Opaque result types


(Mox) #244

If the goal is to reduce the amount of characters to write, then there's obvious choice here. But if you want someone unfamiliar with the code to understand what the code does, I think the Any<...> approach or something like that goes a long way to make things easier (and it also reads better as a sentence).

Now, I don't mind having shortcuts or shorthands for power users. What I wouldn't want to see is shorthand being the only way to do it.


(Joe Groff) #245

We could do like recent versions of Rust do, and make it so that the existential type requires a modifier (which could be Any) before the constraint:

struct Thing {
  var data: Any Collection<Element == Int>
}

which would mirror how Doug suggests using opaque for the hidden concrete type case.


(Dave Abrahams) #246

I read your comments. I think you're missing my point, which is not earth shattering: we could save a keyword if we eventually want to introduce newtype because if it is used in the position where we're using opaque currently, it can be thought of as an “anonymous newtype”. You'd still have anonymous newtype typealiases that act just like the proposed typealias X = opaque … construction.

Though now that I type it, the name “anonymous newtype typealias” seems to suggest the wrong thing…
…so maybe this idea has value < 0. :stuck_out_tongue_winking_eye:


(Joe Groff) #247

In turn, I think you missed Doug's point—the opaque result type cannot be a newtype in the general case, because that would require forwarding of the exposed conformances from the underlying concrete type to the newtype, which is not always possible to automate if there are recursive associated types or Self requirements in structural positions.


(Dave Abrahams) #248

I suppose that's true if you think an anonymous newtype has to work the same way as a nominal one. Maybe this violates the expected meaning of newtype too much to tolerate, but my idea was that a typealias for an anonymous newtype would act exactly the way a typealias for an opaque type is proposed to act.


(Michael J LeHew Jr) #249

Been following along for some time now, and wanted to offer a super straw-man idea for improving the syntax.

Would something like this work?

func dance<A, B>() -> 
  opaque Foo<
    AssocType1 == A, 
    AssocType2 == Result<B, Swift.Error>> // assuming the Boogaloo happens :slight_smile: 
  where
    A: Equatable
    B: Equatable

It retains the conditional where-clause flexibility (at the cost of extra generics admittedly), but also provides a bit of 'scope' to the relevant parts of the opaque type itself.

Also, is there ever a reason that you'd want to say, express opaque type of opaque types? That sort of context is not really distinguishable in the _.assocType flavor. It seems like good information to have/not lose perhaps.

For instance, is this even meaningful to want?

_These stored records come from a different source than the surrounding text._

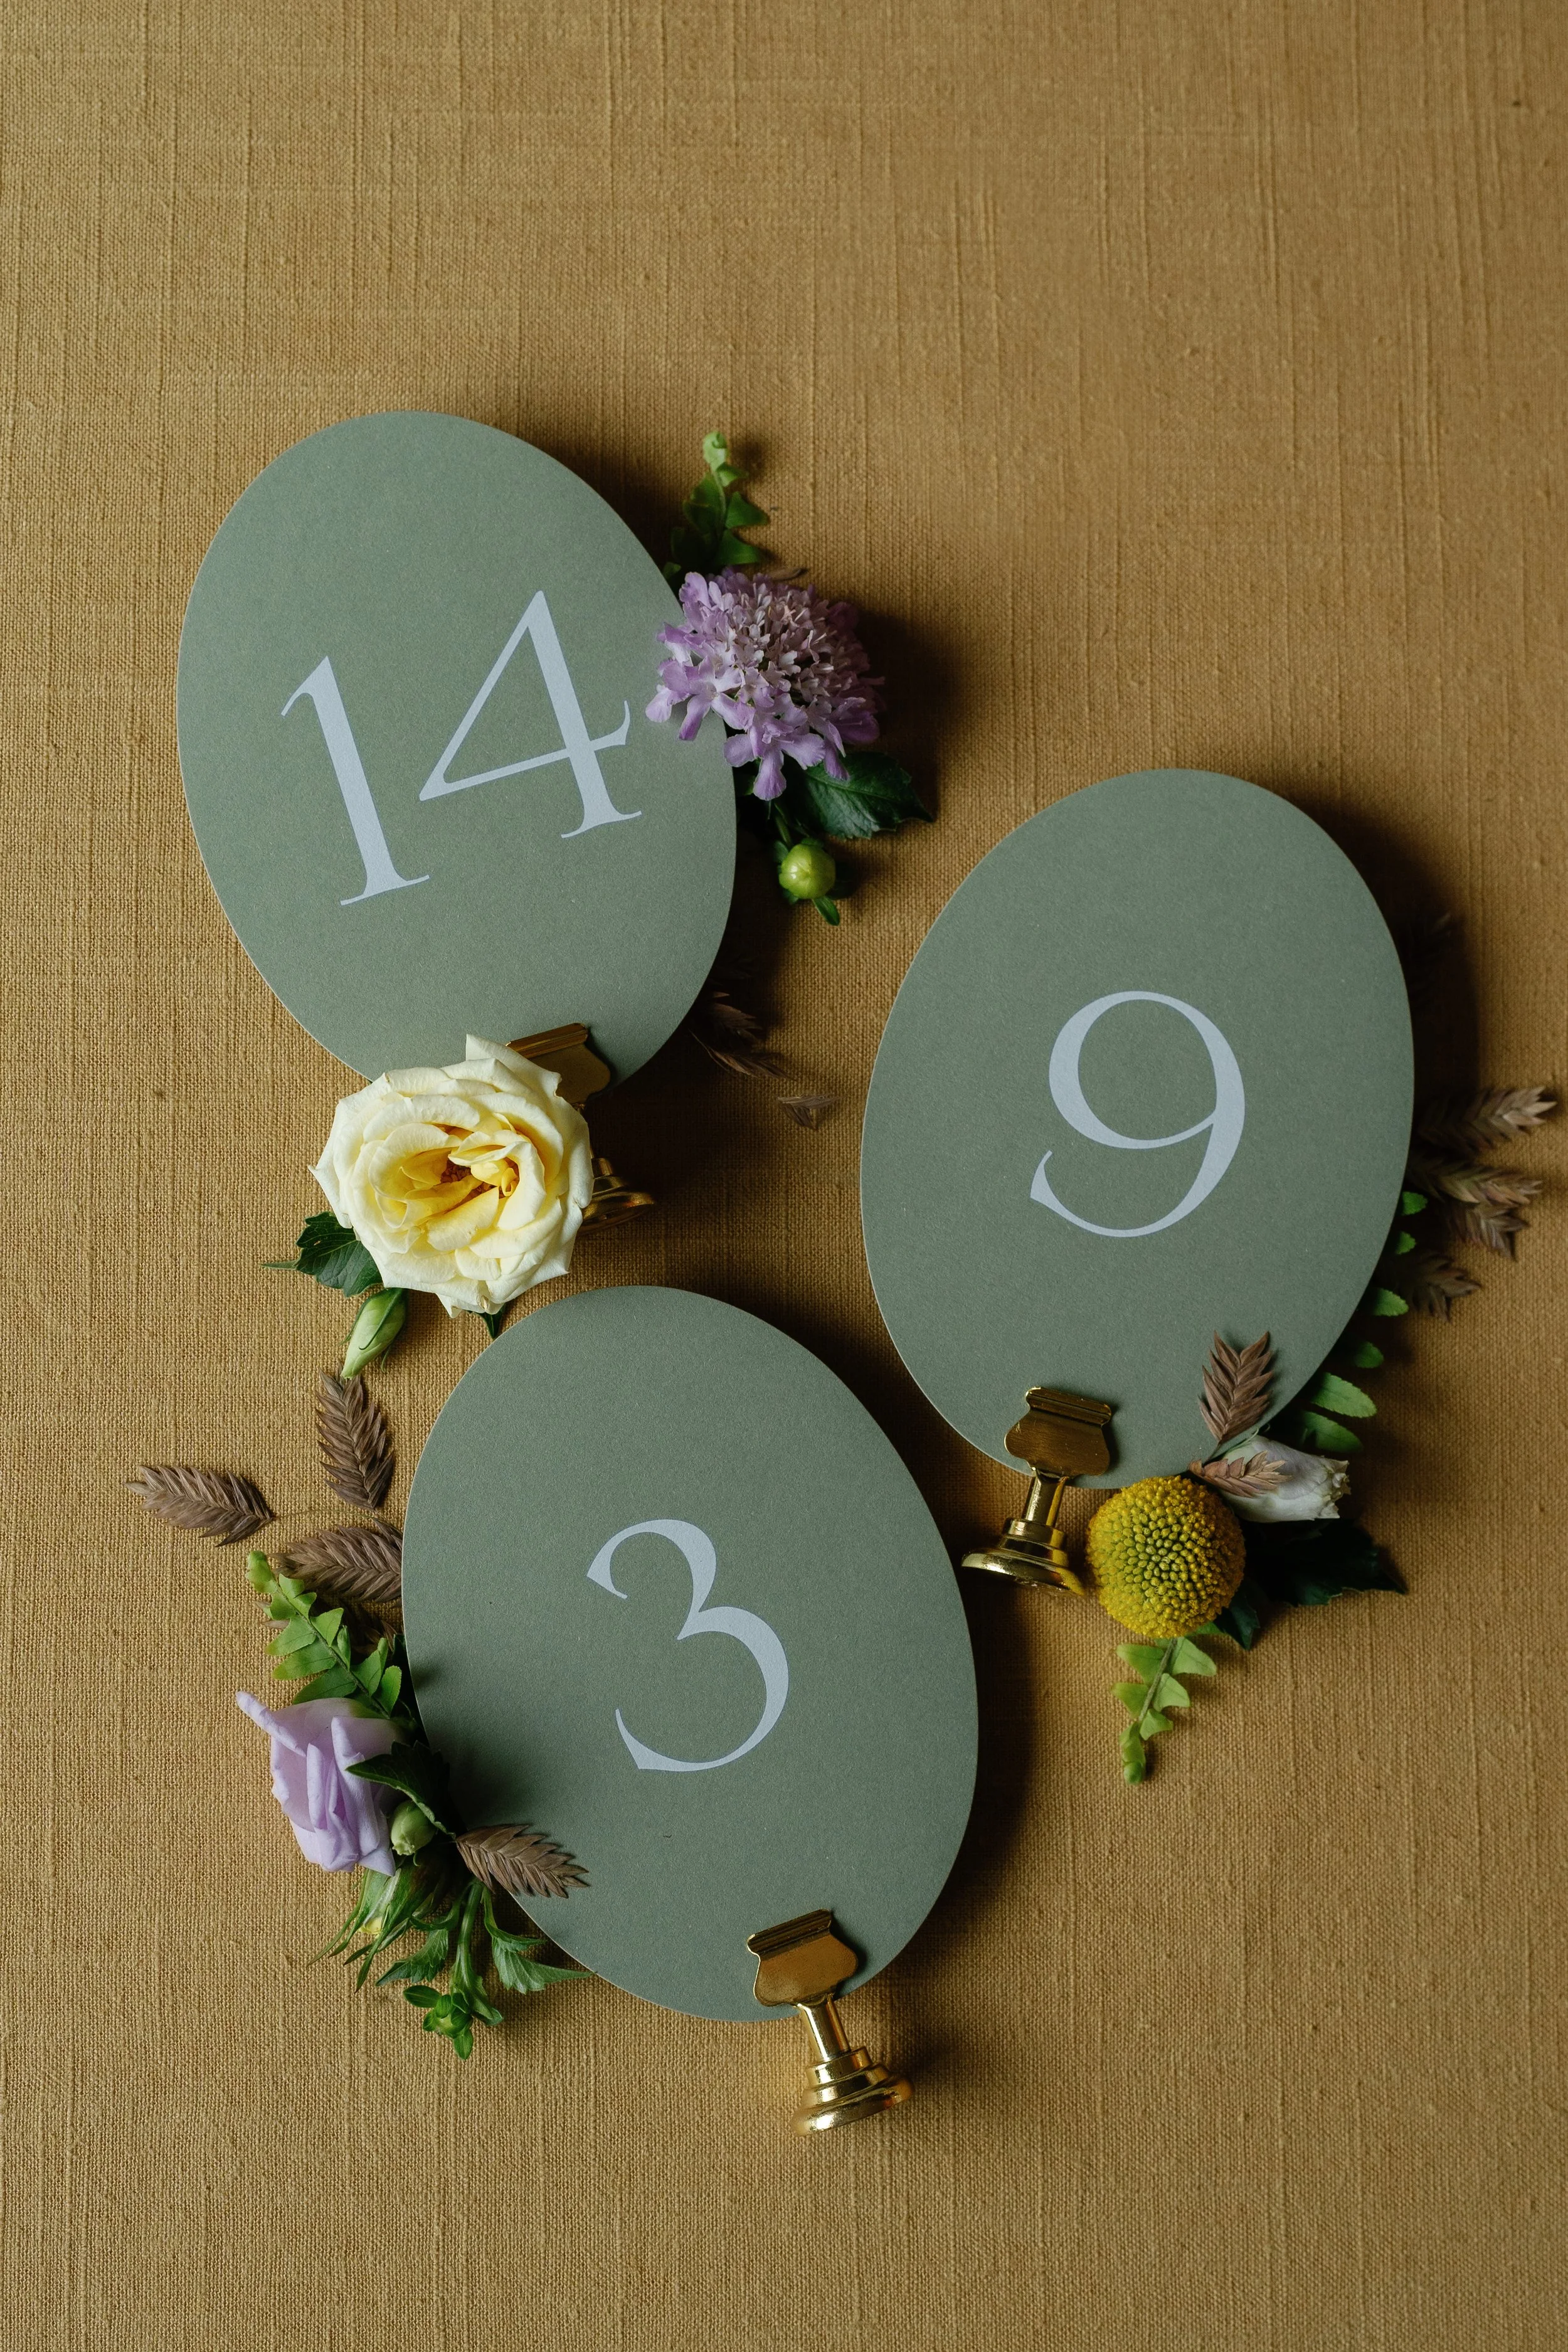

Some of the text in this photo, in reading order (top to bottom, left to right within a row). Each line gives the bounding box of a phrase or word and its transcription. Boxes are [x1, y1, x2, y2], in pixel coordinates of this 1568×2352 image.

[280, 590, 642, 906] 14
[1030, 990, 1246, 1239] 9
[586, 1518, 790, 1773] 3
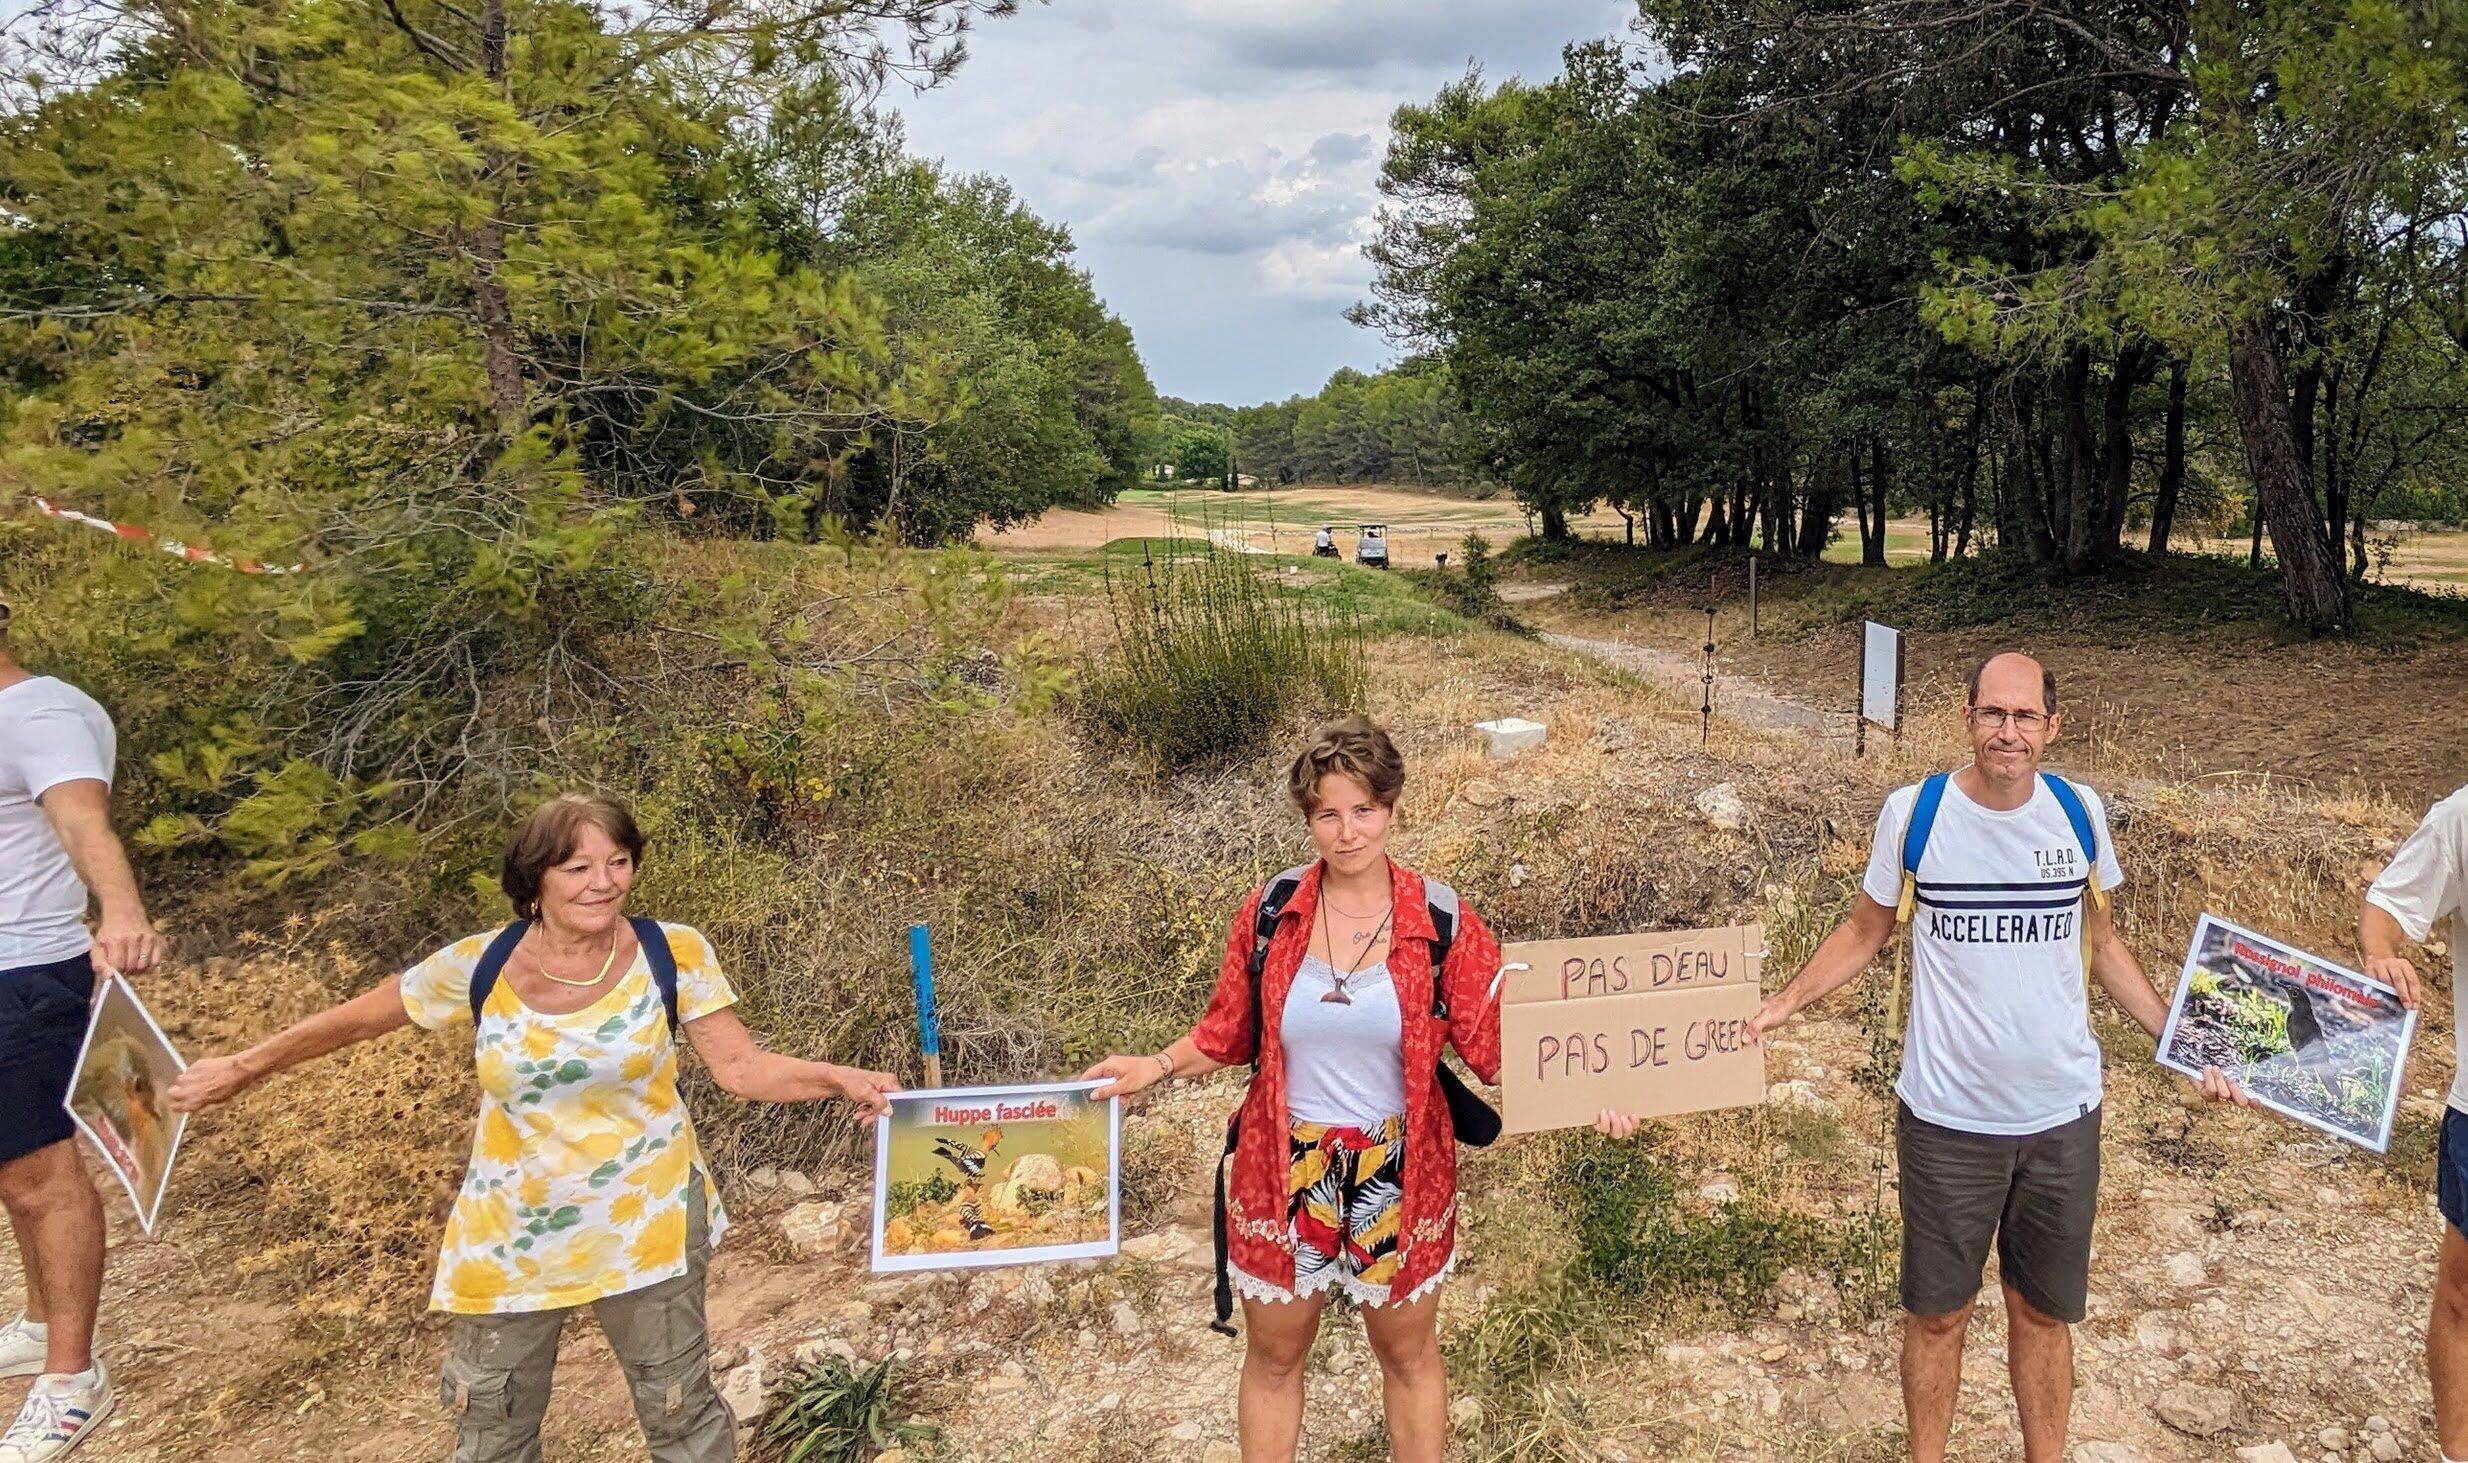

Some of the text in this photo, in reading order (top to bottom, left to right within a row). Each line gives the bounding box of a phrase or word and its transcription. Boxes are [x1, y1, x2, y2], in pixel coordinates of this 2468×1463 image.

[1931, 912, 2073, 943] ACCELERATED
[1561, 947, 1727, 1000] PAS D'EAU
[1538, 1032, 1611, 1081] PAS
[1629, 1027, 1668, 1068] DE
[935, 1106, 991, 1125] Huppe

func randomMatrix() -> opaque Collection<opaque Collection<Element: Double>>

Certainly such an idea is expressible unambiguously with a type erasers.


(Joe Groff) #250

I have a minimal prototype implementation of opaque result types in this pull request:

Limitations include:

  • The opaque type is spelled __opaque Protocol or __opaque ProtocolA & ProtocolB [& ProtocolC...] as placeholder spelling.
  • Opaque types can only appear as the return type of func declarations, not properties or closures.
  • where clause constraints on the opaque type are not yet supported, nor are conditional conformances on the opaque type. However, the protocols in the __opaque type can be arbitrary protocols, with any number of associated type or Self type requirements. __opaque types can in turn be inferred as associated types of protocol conformances.
  • The runtime and resilience aspects are not yet implemented. Changing the underlying type of a public opaque type will break ABI.

Some known issues:

  • Because of the missing runtime support, I substitute out opaque types during SILGen in a rather hacky unprincipled way. It's likely that the optimizer, particularly generic specialization, may still cause crashes.
  • The type checker currently crashes if there's a type error in the underlying type, such as if it does not conform to the required protocols.
  • Diagnostics involving opaque types will print the type with a compiler-internal representation involving the original decl name and generic arguments, instead of anything human-understandable.

I asked CI to build a toolchain: https://ci.swift.org/job/swift-PR-toolchain-osx/170//artifact/branch-master/swift-PR-21137-170-osx.tar.gz I'd appreciate help kicking the tires on this. Thanks!


#251

Should it be conveyed to the programmer that the opaque value has value/reference semantic?
It seems like something programmer will want to know, (or else we would restrict its assignment to multiple location, implying unique semantic, which is irrelevant here, and is a different beast entirely).

So the question is, should it be conveyed to the programmer that the opaque value has value/reference semantic?


(Matthew Johnson) #252

There is nothing about opaque result types that make them unique in this respect from any other generic or existential context where the concrete type is unknown. Right now, AnyObject can be used to consorting to reference semantics. Perhaps in the future we will be able to use AnyValue to constrain to value semantics (see Strict Value Semantics).